In terms of the "Excel spreadsheet illusion", returns aren't going to be perfectly linear and consistent. That's just not possible. The point is you're looking for a monthly average over a large sample, say 2 to 5 years, for example. But +/- 1 or even 3 standard deviations is not surprising. Rather than just say, 20% every month, and going 1.20^12 = 8.916, try using Monte Carlo analysis and look at possible standard deviations of the stats of your trading system (Profit factor, win rate, etc).
I'm more of a systematic trader (mechanical) and really it's just playing with numbers and statistics. Eventually the law of large numbers will show a profitable edge (assuming my algorithms are profitable). Sometimes my system will make 10% a month, sometimes lose 10%, sometimes make 40%, sometimes lose 20%. But in the long run it's still a positive expectancy. There's a great YT video that talks about expectations from counting cards in blackjack, and it is exactly how trading works. Except substitute "hands" with "trades". You'll see quite easily the difference between 1 trade/hand and 1 million trades/hands.
In terms of these so-called "professional" traders, they aren't. They're the same as you or I, if not worse. Do you think Soros would start a trade copying service? It doesn't make sense. I agree with insidertrader, it's bulls**t.
Also, another point I want to make is this: as you may know, the majority of these signal services use intraday (scalping), automated strategies which are ran as EAs on their MT4 platform. Now, I'm not against automation at all, but, what I do find disturbing is the fact that they are intraday, and sometimes scalping for just a handful of pips each trade.
Some people might think this is nothing, but this is HUGE. Spreads play a huge role in a trading system. I had a trading system that I had programmed once. I backtested with 0 spread and it gave me 300% return on fixed lots, with 1 pip spread it quickly shrank to 60%, with 2 pip spread it's not a negative system. You'll find that many trading strategies are losers ONLY because of commissions, spreads and slippage. I mean, think about it, price goes up or down, it's just as hard to choose the wrong direction as it is to choose the right direction. The only thing is that you are paying spreads & slippage on every trade.
In terms of comparing your returns to the large hedge funds, you may find that 10-20% a year for a firm is a lot, but there are retail traders claiming to make 100%+ a year. How does that make sense? Well, there's a couple factors. One of the main ones is leverage. Think about it: How many lots are you purchasing per trade? Assuming you had no leverage, does your current balance even have the margin required to open the position and place a stop loss?

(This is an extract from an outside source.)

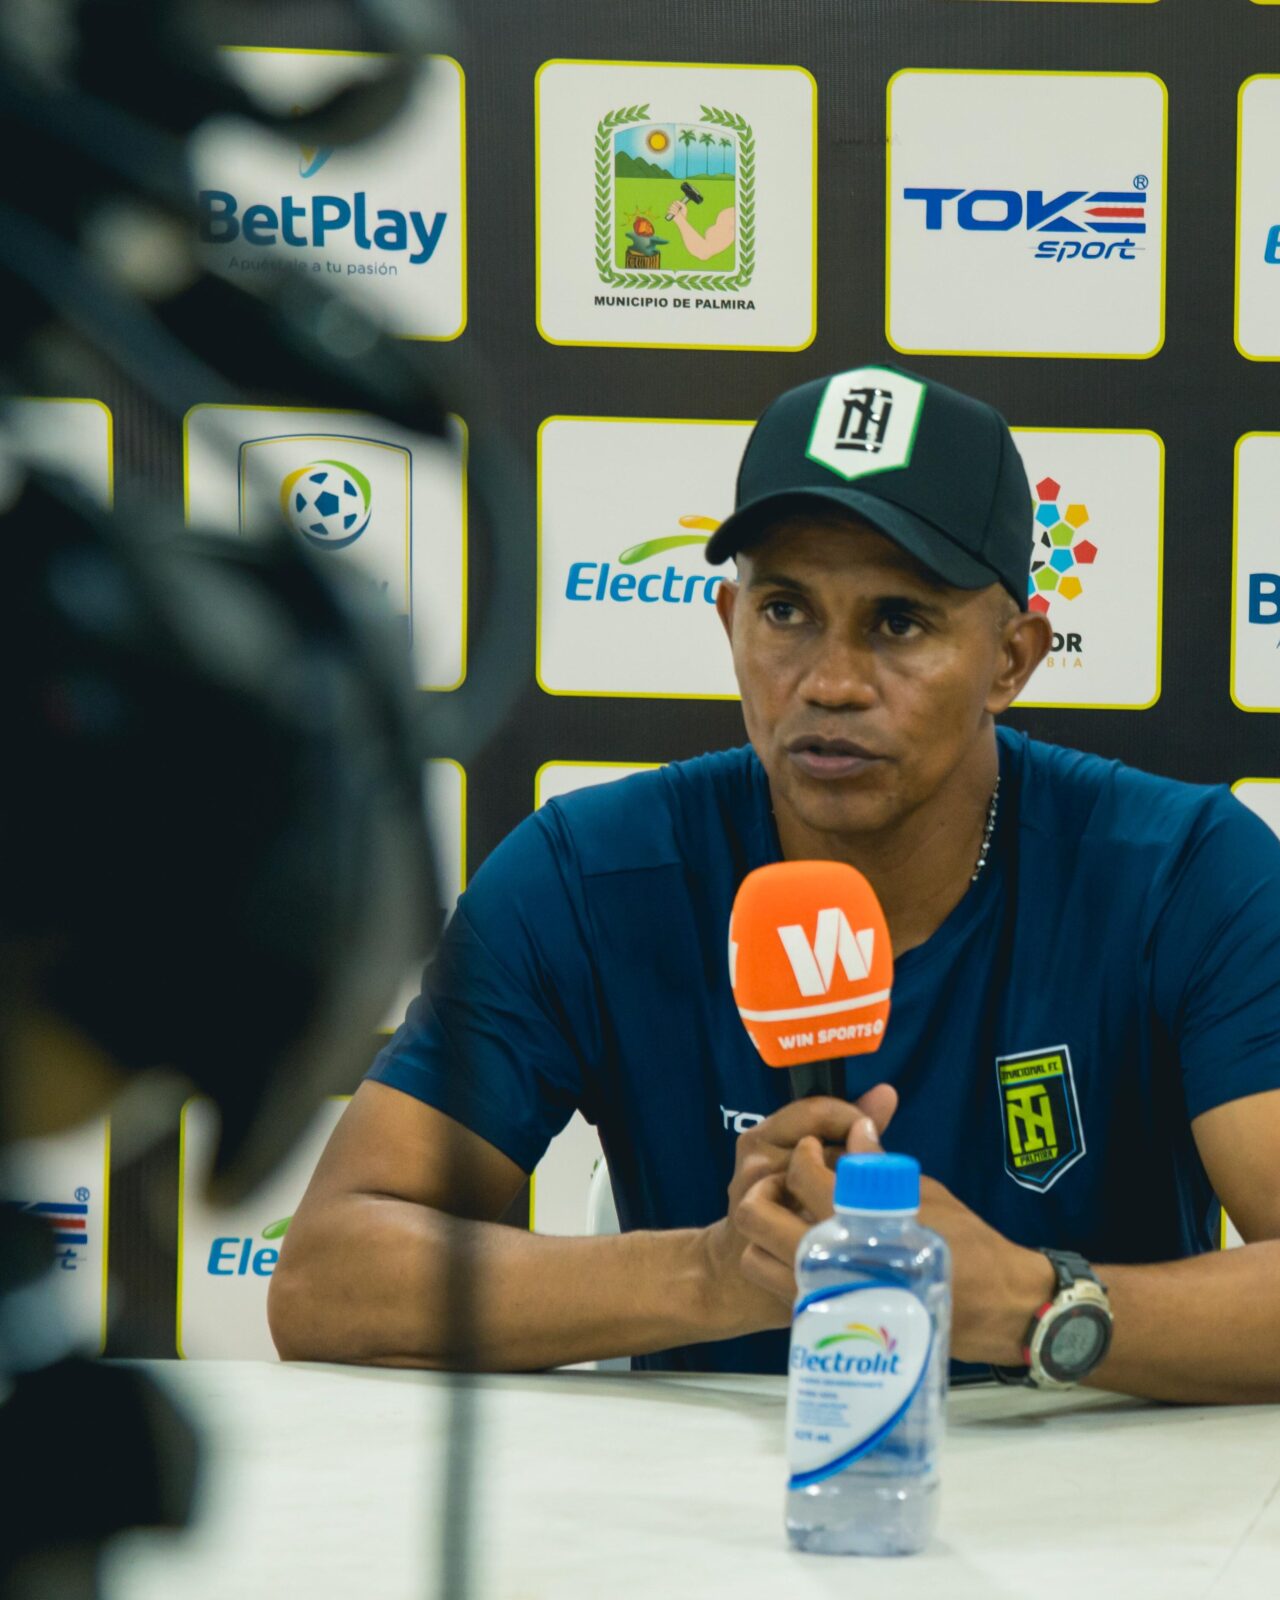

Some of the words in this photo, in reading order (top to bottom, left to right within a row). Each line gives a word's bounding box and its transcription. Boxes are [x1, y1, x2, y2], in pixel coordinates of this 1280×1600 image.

As a retail trader, we are offered 1000:1 leverage as a maximum if you look carefully. The reason is because we are not trading with a lot of money. What prime broker can offer a multi-billion hedge fund 100:1 leverage? The fact is, no one. So a hedge fund trades with typically 1:1 whereas we usually trade with 50:1.
What does this mean?
Assume you made 100% this year with 50:1 leverage. Now, assume you were a hedge fund and instead of 50:1 you had 1:1. What this means is your return just decreased by 50 fold. Instead of 100% this year, you would have made 2%. Now that you've scaled your returns, you can accurately compare your return to institutional traders.
Hopefully this post has made some sense. I'm not the best at explaining things.
Last edited by ClarkFX; 08-03-2012 at 01:47 AM.
Most peoples first idea of what they can achieve for a return per month is much higher than what is realistic. I even read an article on a website that said "Limit Your Greed and Make $53,000 per month", then showed some 'conservative' calcs on how you can turn a $1000 account into $53000 per month with 'just' 25% return a month. That is just trying to fill people dreams to get them to buy the course/software/EA whatever.
CONSIDER: You can go to a bank and loan money for 5% per annum (against your house or whatever), or 10% pa unsecured. Forget starting on $1000, if anyone can make 25% per annum you could be a millionaire in 12 months. In fact if you loaned $100,000 at 15% pa, after 12 months you could pay it back in full and put $1mil in your back pocket.
Just an example, but the point is, money is cheap, if it was realistic to make 25% on it per month on it there would be alot of forex millionaires.
In fact, anyone who can make 6% per month will double their money in 12 months, and making 10% per month will triple their money. SO if you are making 10% or even 6% per month, stop waisting your time in this forum, go get your hands on some money, ramp up your position (with same risk) and see you in Forbes Rich list in a few years!
Gee... looks like everyone is still here... interesting...
The difference is risk - the big customers want a nice smooth 10-20% (or less) with minimal risk. This also means the fund must have a system that is scalable and won't break down with large acounts.
Why would anyone buy US bonds at under 5% return? Return isn't everything if you already have the money.
The difference is a retail trader claiming 100% is probably trying to sell you something, a hedge fund claiming 20% may actually be telling the truth.
BTW I have $1 billion. Should I give it to a hedge fund at 20%, or should I invest $1mil at 1000/1 leverage and 100% return and do something else with my $999million?